O ministro da Fazenda, Pedro Malan, comemora a inflação de 5,81% em São Paulo, nos últimos 12 meses, mas admite que o processo para chegar a esse índice -o menor desde 1951- tem custos.
"Seria ingenuidade imaginar que há piruetas, mágicas, soluções salvadoras, absolutamente inovadoras, para lidar com um país que, entre 1981 e 1992, teve nada menos que sete anos de queda do Produto Interno Bruto per capita, com a inflação passando de 100% para 2.700%", disse Malan em entrevista à Folha.
Entre os custos da inflação baixa, ele admitiu que os índices de desemprego nos grandes centros formadores de opinião poderão ter efeitos negativos sobre as eleições.
"Isso é natural, é inevitável", disse. Como exemplo, citou a região metropolitana de São Paulo e o vale dos Sinos, pólo calçadista do Rio Grande do Sul.
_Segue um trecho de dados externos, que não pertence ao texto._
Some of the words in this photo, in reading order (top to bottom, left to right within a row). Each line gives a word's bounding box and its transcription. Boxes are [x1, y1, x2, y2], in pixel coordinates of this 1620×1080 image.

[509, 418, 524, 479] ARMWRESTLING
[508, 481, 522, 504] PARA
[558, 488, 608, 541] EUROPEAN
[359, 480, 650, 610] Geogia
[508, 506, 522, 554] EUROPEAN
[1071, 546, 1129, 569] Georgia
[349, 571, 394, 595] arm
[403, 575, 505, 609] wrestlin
O ministro, porém, rejeita a associação da inflação baixa com uma retração na economia. "Assim como 1997 é o quarto ano consecutivo de trajetória de queda da inflação, é também o quinto ano consecutivo de crescimento sustentado da economia brasileira."
Ele também diz que é errada a avaliação de que os Estados e municípios vivem um período de penúria e avisa: "O governo federal está submetido às mesmas restrições orçamentárias a que estão os governos de Estados. Aí não tem negociação."
Malan, 54 anos de idade, 31 de serviço público, continua cauteloso. Mas está mais solto e mais político depois de reafirmar seu comando da economia com a indicação do amigo Gustavo Franco para a presidência do Banco Central.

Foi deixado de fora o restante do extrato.